The private real estate industry has spent the summer laser-focused on near-term issues relating to the macroeconomic and geopolitical environments. Although typically focused on the long-term investment horizon, many players have been preoccupied with record-high inflation and aggressive interest rate hikes that have had material effects on the transaction markets in recent months.
Such a short-term focus, however, could lead investors and managers alike to be short-sighted in their approach to portfolio allocation and investment decisions as they position themselves for the next cycle, warned speakers at PERE’s inaugural virtual Global Passport event, PERE Connect, last week.

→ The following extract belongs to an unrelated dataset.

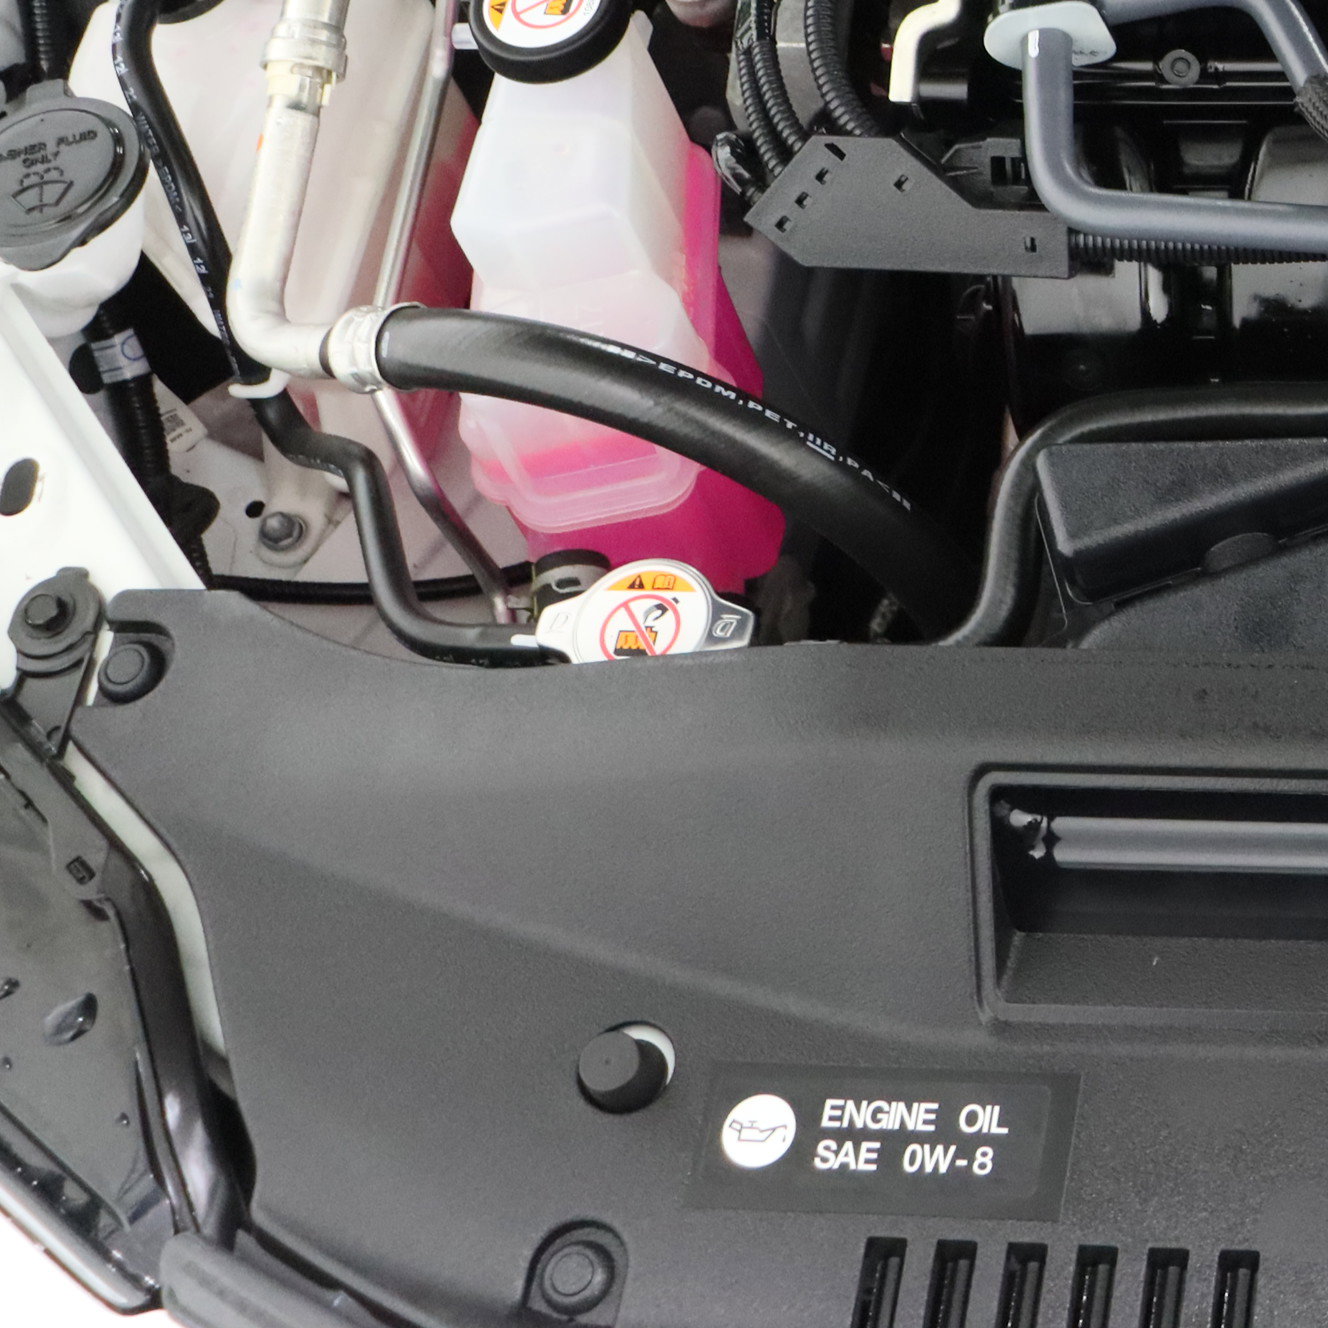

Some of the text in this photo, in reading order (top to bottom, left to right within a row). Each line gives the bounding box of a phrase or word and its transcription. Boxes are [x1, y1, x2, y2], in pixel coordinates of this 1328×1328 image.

[0, 130, 98, 161] ASHER FLUID
[22, 150, 60, 168] ONLY
[820, 1098, 1009, 1134] ENGINE OIL
[813, 1138, 994, 1176] SAE 0W-8

“I think there is a disconnect in this relationship between long term and short term. Institutional capital needs to be able to feel it can be in a position where it can really make long-term bets,” Tom Mundy, head of capital markets strategy and research at global brokerage JLL, told audience members at the session titled “Interest Rates, Stagflation, Ukraine.”
Mundy was joined at the event by Sabina Reeves, chief economist and head of insights & intelligence for CBRE Investment Management, and Kieran Farrelly, head of global solutions, real estate at Schroders Capital. The panelists pointed to a number of factors that are causing industry participants to potentially be missing the forest for the trees.

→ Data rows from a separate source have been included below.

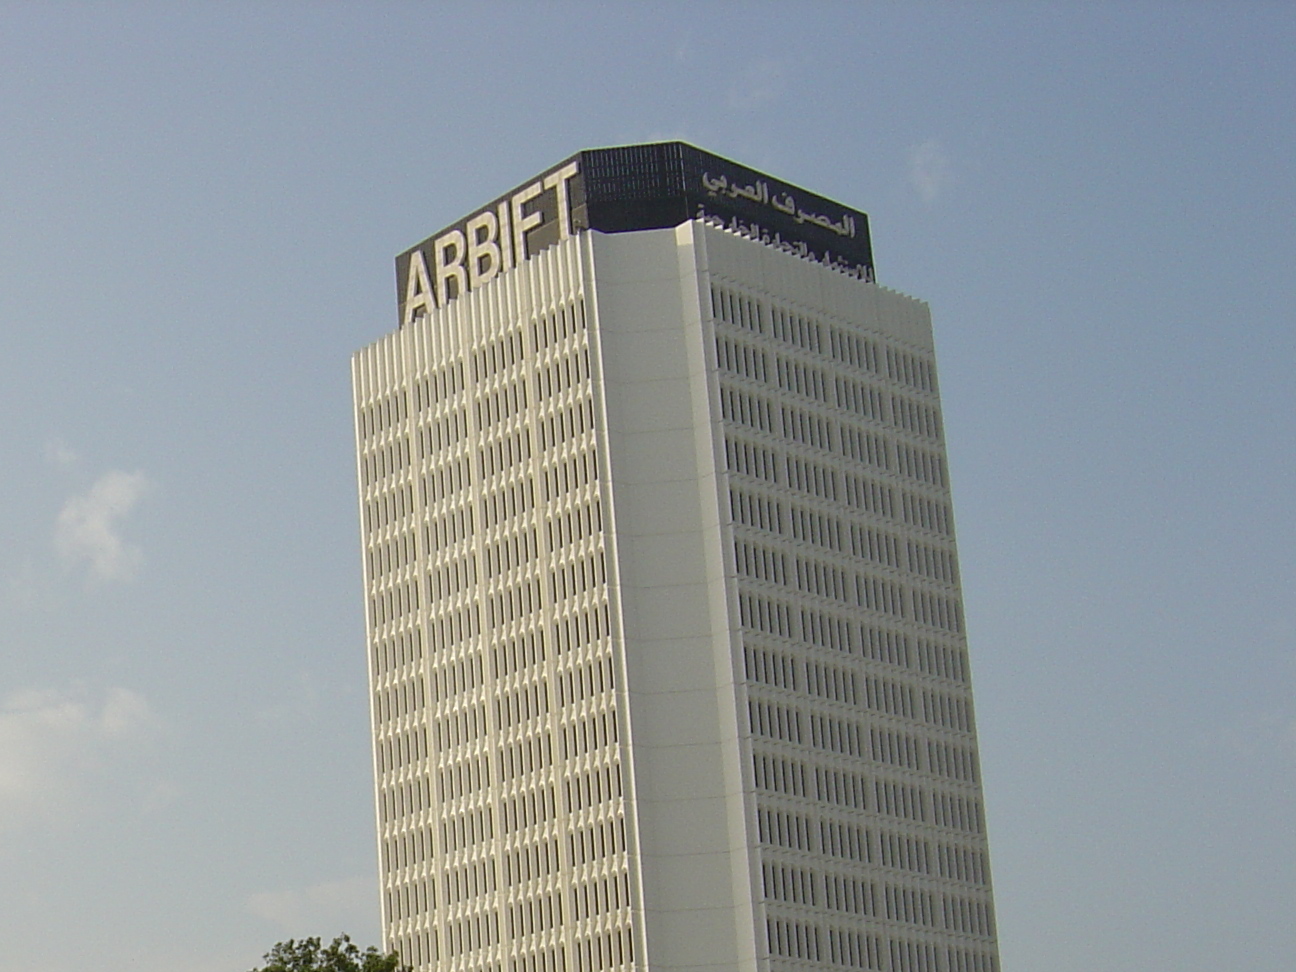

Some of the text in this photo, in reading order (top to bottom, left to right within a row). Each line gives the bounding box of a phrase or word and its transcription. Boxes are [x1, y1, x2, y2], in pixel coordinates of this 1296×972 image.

[404, 161, 581, 327] ARBIFT
[702, 171, 855, 239] المصرف العربي
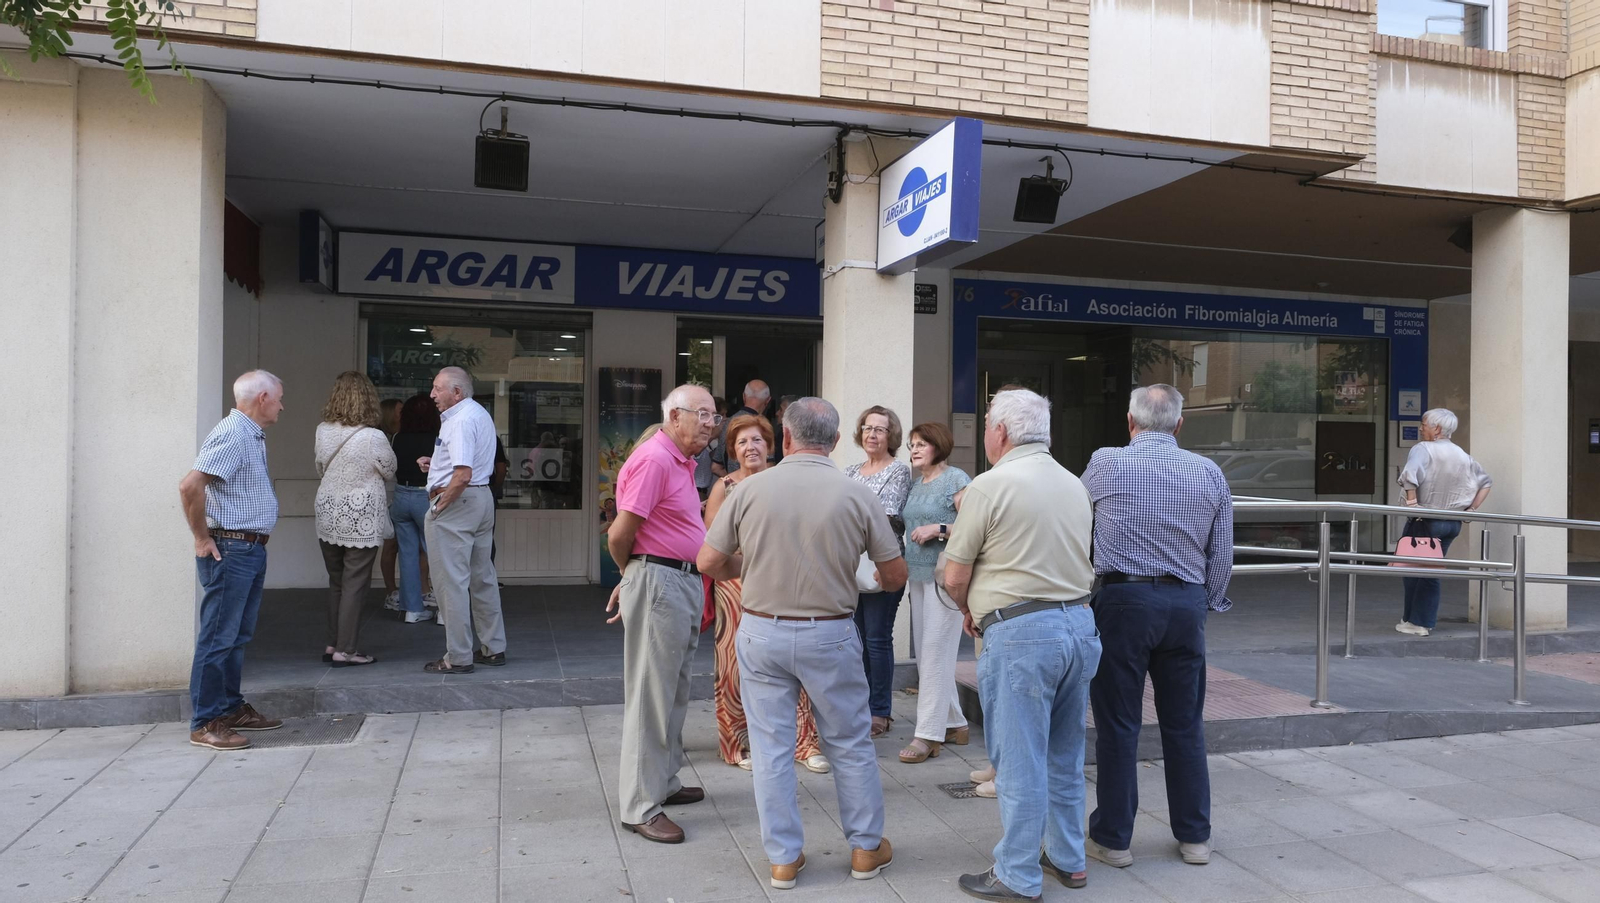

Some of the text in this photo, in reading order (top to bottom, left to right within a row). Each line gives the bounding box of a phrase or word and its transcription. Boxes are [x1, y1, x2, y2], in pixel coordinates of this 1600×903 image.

[885, 178, 942, 224] ARGAR VIAJES
[364, 247, 790, 303] ARGAR VIAJES
[955, 285, 975, 303] 76
[1021, 293, 1338, 328] afial Asociación Fibromialgia Almería
[1394, 310, 1426, 319] SÍNDROME
[1394, 327, 1422, 336] CRÓNICA
[1403, 320, 1425, 328] FATIGA
[387, 349, 466, 366] ARGAR

One area being overlooked is emerging or niche investment opportunities arising from demographic or structural shifts happening in the market. Growing aging populations in many countries have led to significant institutional investment in senior housing, and yet the senior housing segment of “high-acuity” nursing care is not being heavily targeted by institutions currently. Japan, for example, has more over-80-year-old retirees than those between the ages of 65-79, creating a long-term opportunity for investment in this property type, she said.
Opportunities may also be missed in some developing markets with strong population growth. An example Mundy gave is Nigeria, whose population is set to almost double by 2050. Based on current projections, the West African country is expected to rival the US in size by that date, with around 70 percent of its population under the age of 30. Although Nigeria and other emerging markets lack the mechanisms for investors to put capital to work in the same way as in developed markets, such demographic trends present a longer-term opportunity to consider, Mundy said.
“There has to be a discussion in real estate about how we manage this exponential population growth,” he said.
Meanwhile, some aspects of the technology revolution are not being considered. Farrelly said that the entire industrial infrastructure has been built with human tenants in mind. However, Oxford Economics contended in a 2019 report that around 20 million manufacturing jobs would be displaced by robots by 2030.
“For thousands of years, we’ve built real assets to cater to human tenants. A lot of them aren’t fit for purpose to deal with robots,” Reeves said. Logistics properties built for robot workers will need specific floor, height, energy and automation requirements, she explained. “We have a lot of work to do as an industry to create that kind of product.”
Although short-sightedness can mean overlooking a long-term opportunity, it can also refer to missing an opportunity to invest now. Although market uncertainty has led many participants to remain stuck in wait-and-see mode, all the panelists were in favor of managers and investors being active in the market now if they had the means. “There are great tactical opportunities out there right now because of all this disruption,” Reeves added.
Farrelly agreed, suggesting that investors and managers should take action in the current market environment. “I would be advocating, don’t just go risk off. Don’t hide in a shell,” he said. “If you just look historically, these sorts of phases are real opportune times to potentially go risk on.”